If you’re a regular around here, I’m sure you’ve figured out by now that I’m Filipino. I’m assuming all the Filipino inspired recipes have probably tipped you off by now. What you may not have caught is that I’m also part Chinese.

Pause for dramatic effect.

Yeah, you really don’t care, huh?


Anyway, my grandfather is Chinese, but while I am part Chinese, I wasn’t raised with a lot of the traditions or home cooked food that a Chinese heritage would normally include. Tiger Dad? Now that I did have. 😉

We lived continents away from the rest of my Chinese family, while my mom’s (Filipino) family was 5-10 minutes away. As a child surrounded mostly by my Filipino relatives I didn’t really appreciate the Chinese side of my heritage. As I grew older I regretted not learning more about my dad’s culture or my grandfather’s recipes. I’m told that he was a great cook, but no one learned his recipes before he passed.


As an adult, I noticed that I immediately gravitate towards anything labeled Hokkien or Fujian (my grandfather’s province). If Hokkien xyz is on a menu, I’m ordering it. I guess it’s my way of learning more about my grandfather’s culture now that he’s not around.

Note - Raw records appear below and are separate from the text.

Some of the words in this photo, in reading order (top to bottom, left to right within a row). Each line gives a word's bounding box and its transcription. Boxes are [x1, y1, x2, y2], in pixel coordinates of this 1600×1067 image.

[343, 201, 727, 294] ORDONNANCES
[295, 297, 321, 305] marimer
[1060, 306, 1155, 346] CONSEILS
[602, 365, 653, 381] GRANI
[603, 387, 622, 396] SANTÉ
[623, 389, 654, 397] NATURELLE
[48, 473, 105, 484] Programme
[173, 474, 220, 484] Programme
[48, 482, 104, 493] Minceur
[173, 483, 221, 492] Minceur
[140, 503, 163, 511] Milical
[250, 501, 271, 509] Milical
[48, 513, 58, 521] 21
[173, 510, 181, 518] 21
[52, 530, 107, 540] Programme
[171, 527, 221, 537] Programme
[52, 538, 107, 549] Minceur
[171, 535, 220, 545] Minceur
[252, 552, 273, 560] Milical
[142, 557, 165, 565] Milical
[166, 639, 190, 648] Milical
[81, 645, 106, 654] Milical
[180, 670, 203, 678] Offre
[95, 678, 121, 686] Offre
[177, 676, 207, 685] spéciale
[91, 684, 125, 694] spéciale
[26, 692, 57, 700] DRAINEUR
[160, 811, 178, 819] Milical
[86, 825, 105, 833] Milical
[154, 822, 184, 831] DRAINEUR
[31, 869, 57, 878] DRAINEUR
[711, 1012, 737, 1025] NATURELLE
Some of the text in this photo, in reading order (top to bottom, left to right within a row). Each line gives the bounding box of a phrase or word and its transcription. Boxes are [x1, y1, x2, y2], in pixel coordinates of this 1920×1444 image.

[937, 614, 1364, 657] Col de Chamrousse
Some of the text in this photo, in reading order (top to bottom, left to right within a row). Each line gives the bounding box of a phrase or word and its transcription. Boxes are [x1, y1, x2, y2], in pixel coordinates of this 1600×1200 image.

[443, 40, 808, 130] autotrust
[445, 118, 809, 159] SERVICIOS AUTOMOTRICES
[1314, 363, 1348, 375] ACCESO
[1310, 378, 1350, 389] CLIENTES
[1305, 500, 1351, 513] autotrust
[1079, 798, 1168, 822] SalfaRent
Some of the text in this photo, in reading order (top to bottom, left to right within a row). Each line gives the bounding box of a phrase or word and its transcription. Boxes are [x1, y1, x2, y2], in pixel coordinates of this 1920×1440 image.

One day while at the Asian market I saw a big pack of instant noodles that said “Fujian” on the label. I had no idea what it was because the rest of the label was in Chinese characters, but I bought it. Crazy, right? I had no idea what I was buying, but just because it had my grandfather’s province name on it, I bought it…and I cooked it…and I gave it to my kids…and they loved it!


Even though I couldn’t read the labels, I was easily able to figure out the ingredients just by tasting the packets included with the noodles (there were no flavored powders, if you were wondering) – soy sauce, sesame oil, chives, chili oil (which I don’t add to my girls’ servings) and the mildest peanut butter I’ve ever tasted. It was so mild that I could barely tell it was peanut butter.

The problem was, I had no idea what it was called. I googled around “Fujian noodles” and came up with Hokkien mee, which I was familiar with and knew this wasn’t. My Taiwanese friend told me about a dish her mom makes that they call dan dan mien. Googling it brought up a completely different dish (a spicy pork noodle), but what she described was a lot closer to what I was looking for.


Then one day, I found it. Ban mian – Fujian street noodles. Street food is always simple but delicious, and that’s what these noodles are. They’re super quick to throw together, so they make an awesome weeknight meal. I’ve switched out the peanut butter for sesame paste (can easily be found in Asian stores or you can use tahini) and the soy for coconut aminos. The coconut aminos add a bit of sweetness that makes this dish even yummier than the original (granted, the original was instant :P).

Don’t have a spiralizer? Try the sauce with your favorite noodles or even my almond flour pasta!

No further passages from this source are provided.